Drummer Johnny Vana is a percussive powerhouse, receiving a standing ovation after one solo and keeping time better than most Swiss watches. The rest of the band members are aces too, especially saxmen Ira Schulman and John Setar. Members of The Alumni Association may not all have their original teeth, but they've still got chops.

They change tempos faster than a NASCAR pit crew does tires. They sight-read new arrangements and nail them the first time George Kenney puts 'em in front of them. They are tighter than a fat man in vinyl pants.
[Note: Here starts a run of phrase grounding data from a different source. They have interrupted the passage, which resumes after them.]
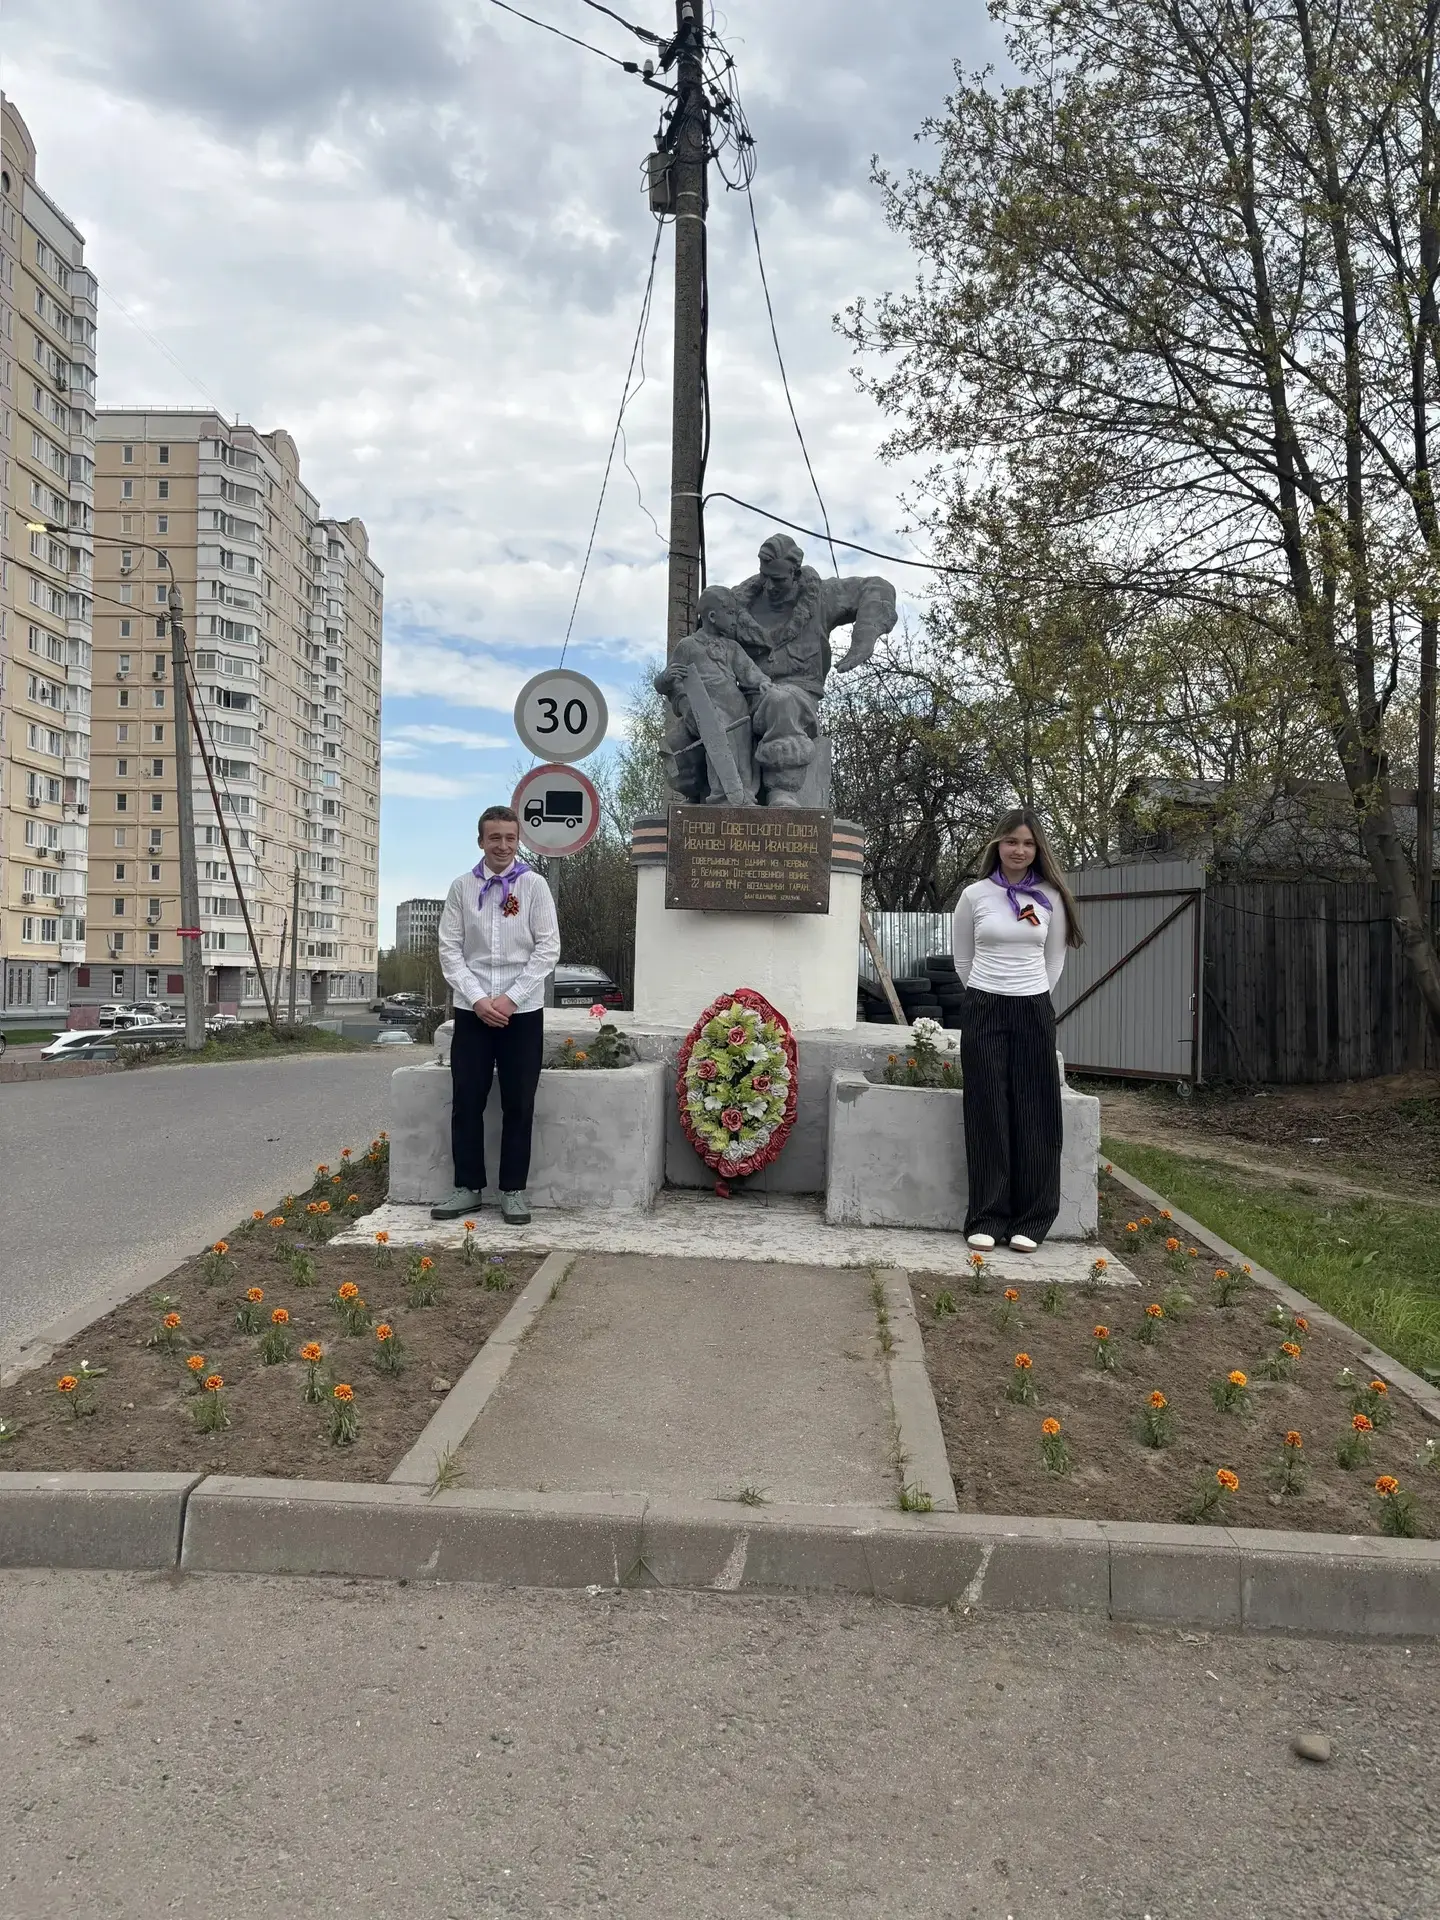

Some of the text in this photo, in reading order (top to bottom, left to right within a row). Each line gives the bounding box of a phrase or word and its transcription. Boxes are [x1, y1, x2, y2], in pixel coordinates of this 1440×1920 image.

[537, 698, 588, 735] 30
[684, 836, 726, 850] ИВАНОВУ
[730, 838, 760, 852] ИВАНУ
[691, 878, 700, 888] 22
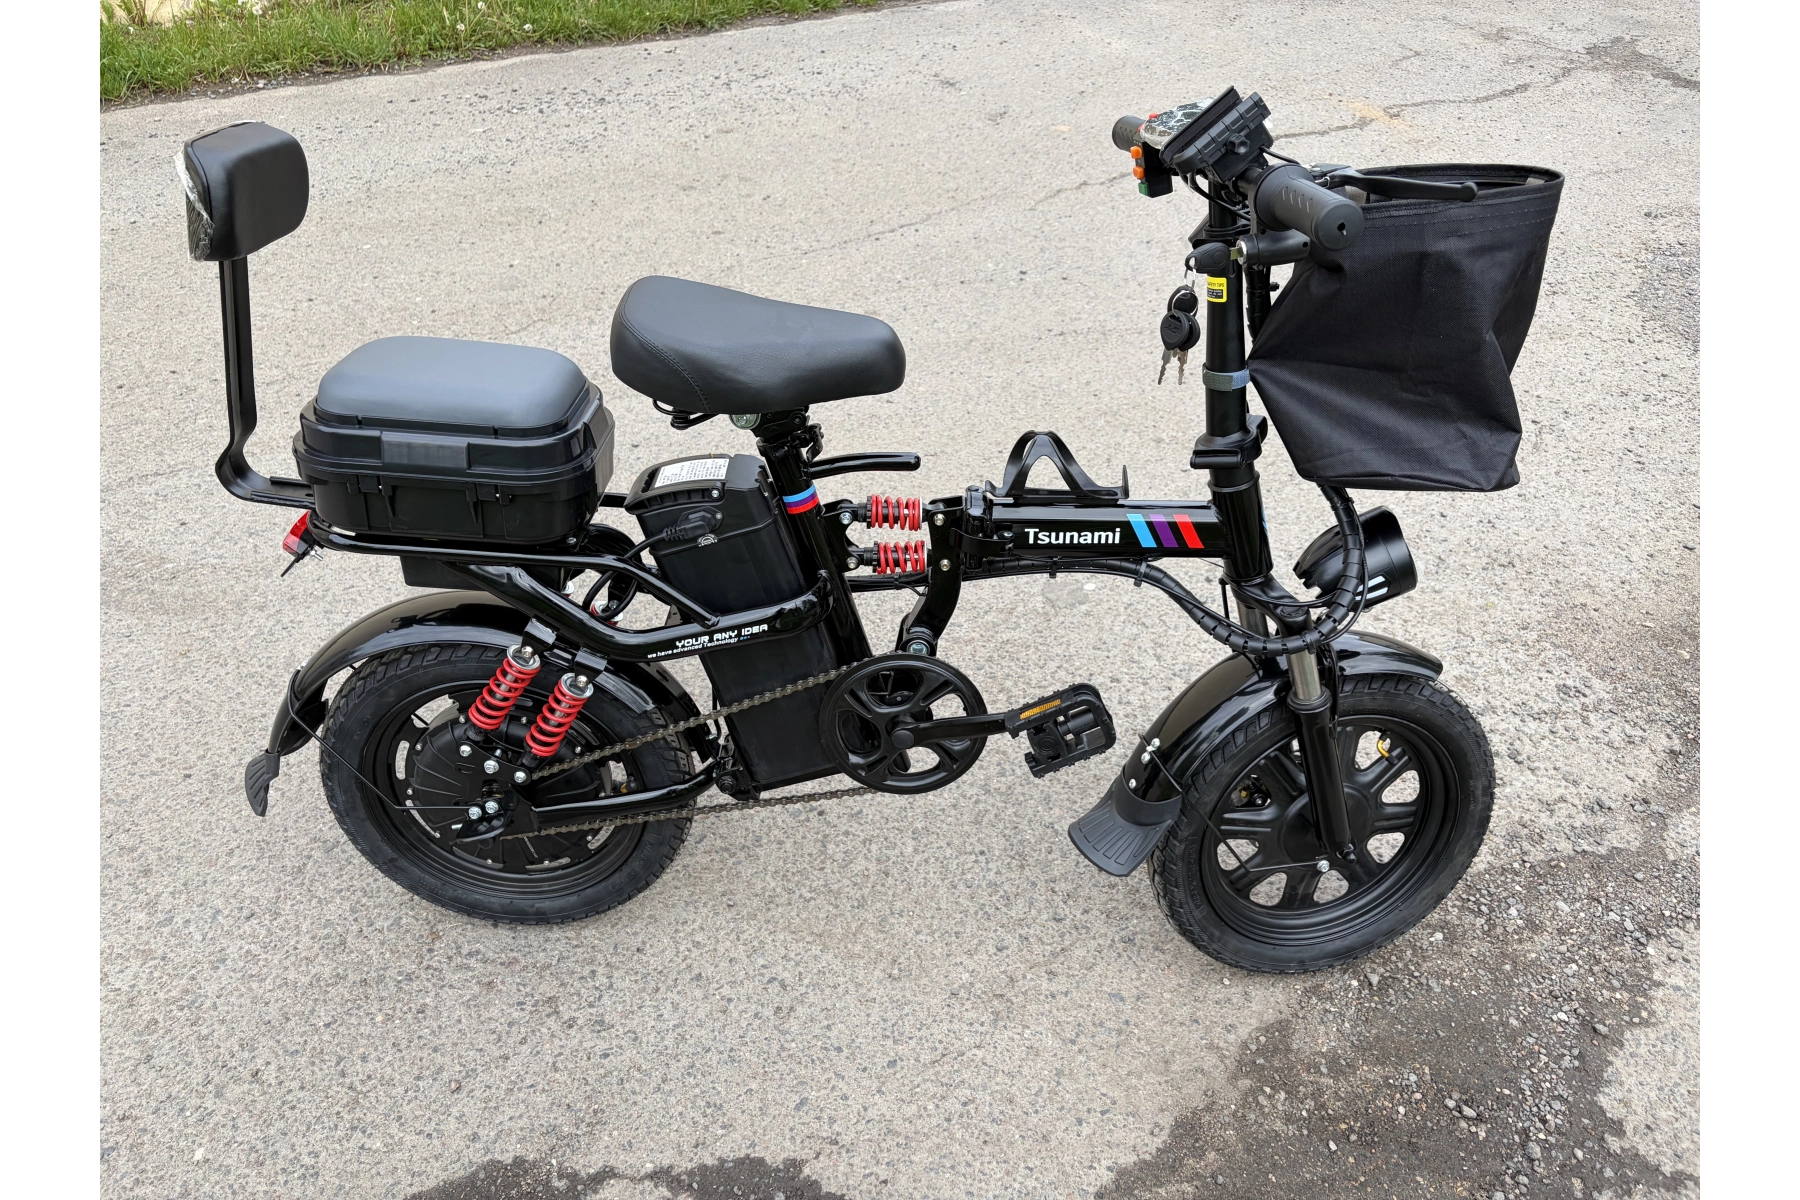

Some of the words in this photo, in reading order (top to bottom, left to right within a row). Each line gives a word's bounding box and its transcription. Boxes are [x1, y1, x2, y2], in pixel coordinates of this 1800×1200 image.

[1024, 527, 1121, 544] Tsunami
[657, 649, 672, 657] have
[673, 643, 703, 654] advanced
[704, 636, 739, 649] Technology
[676, 635, 710, 648] YOUR
[713, 630, 738, 642] ANY
[741, 624, 769, 636] IDEA
More of a crack unit than an anti-narcotics squad.

During two sets that run until 1 p.m., they play standards such as "Honeysuckle Rose," "Sentimental Journey," "Swing Low, Swing Chariot," and even, albeit cheekily, "Just a Gigolo."
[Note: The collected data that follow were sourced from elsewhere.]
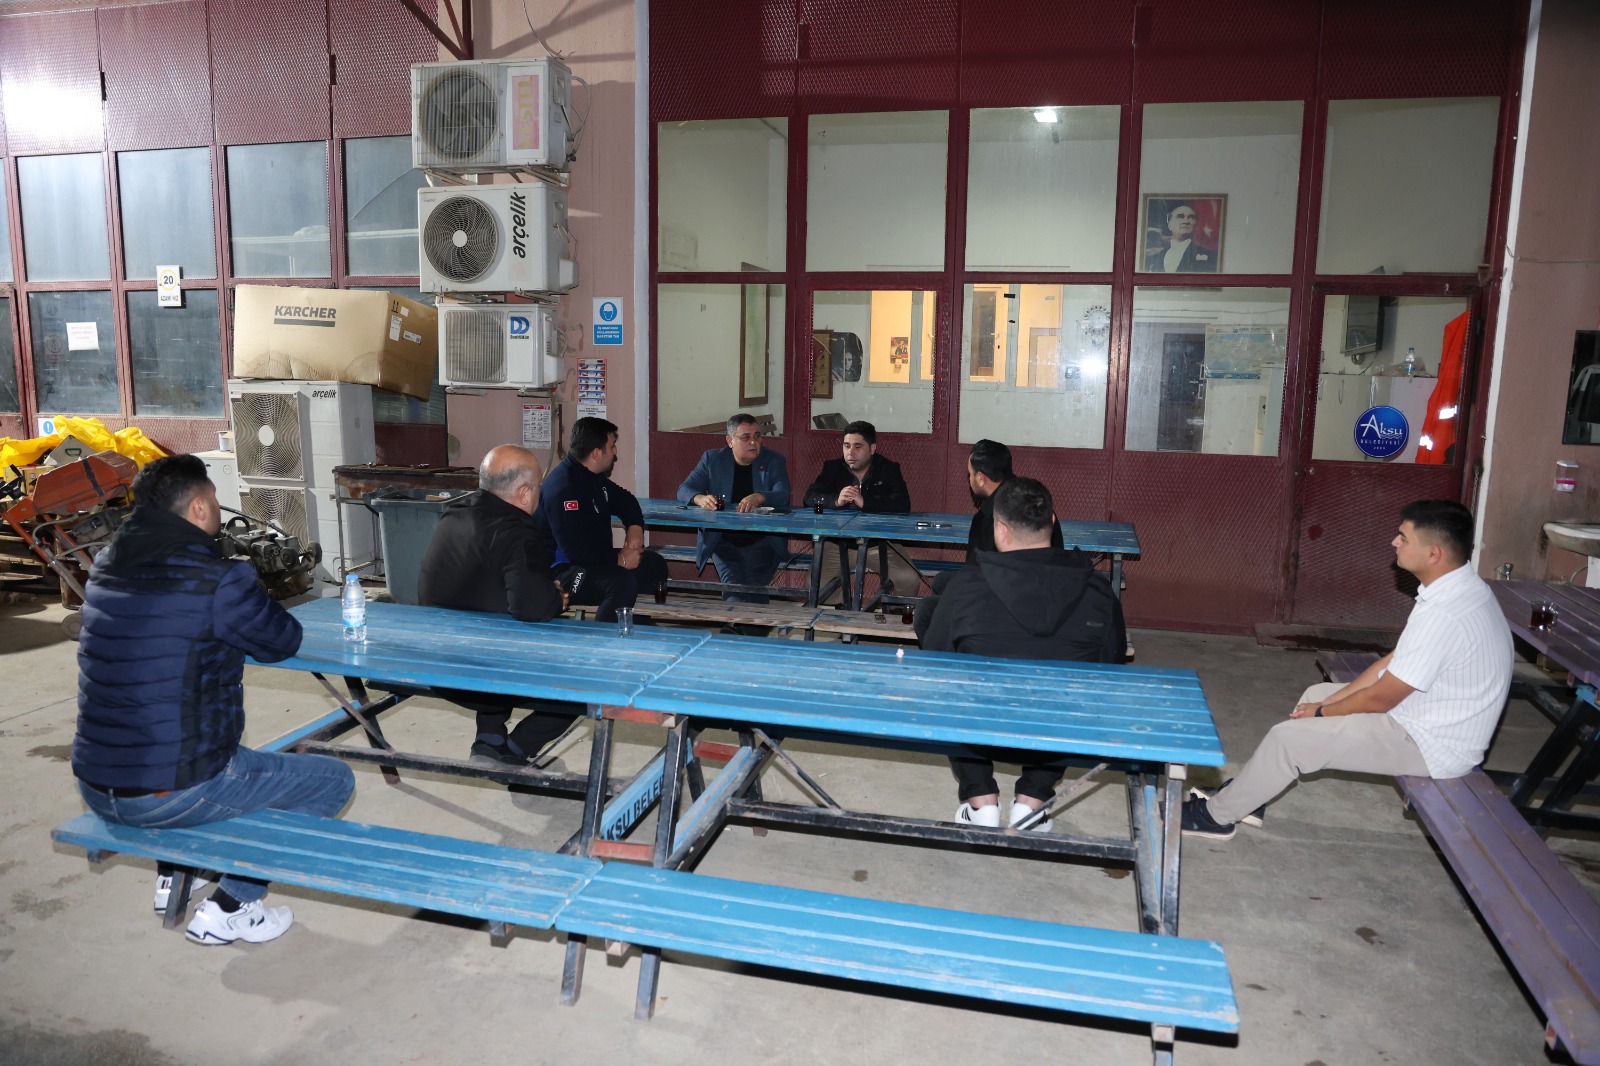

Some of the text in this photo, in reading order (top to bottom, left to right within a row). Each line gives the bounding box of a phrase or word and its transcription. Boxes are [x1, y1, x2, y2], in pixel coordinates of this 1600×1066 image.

[510, 191, 529, 259] arçelik
[163, 275, 174, 285] 20
[274, 305, 337, 319] KÄRCHER
[312, 389, 337, 400] arçelik
[1360, 414, 1403, 439] Aksu
One recent week, the group kicked off a set with "Pennsylvania 6-5000" and the crowd shouted the chorus, unprompted.

A few weeks later, special guest vocalist Herb Jeffries, looking dapper in a white sport coat with matching black shirt, handkerchief and immaculately creased tie came up and crooned the Duke Ellington-penned hit, "Satin Doll." The crowd, even in the extreme heat on a 100-degree day, was exuberant. "My body is 89," Jeffries told the crowd. "But I only feel 51."

Other performers and band members make age-appropriate jokes about Florida, prostates and memory loss. But if you close your eyes and listen, it's easy to imagine these musicians some years back, on the nation's biggest stages, wearing tuxedos, looking suave, breaking hearts.

And, as is the case with Cuba's Buena Vista group, it's easy to picture our guys doing it still.

"At one of our jobs, we were introduced as one of the finest bands in the country," Van Horne says. "I said, 'What do you mean, ONE of them?'"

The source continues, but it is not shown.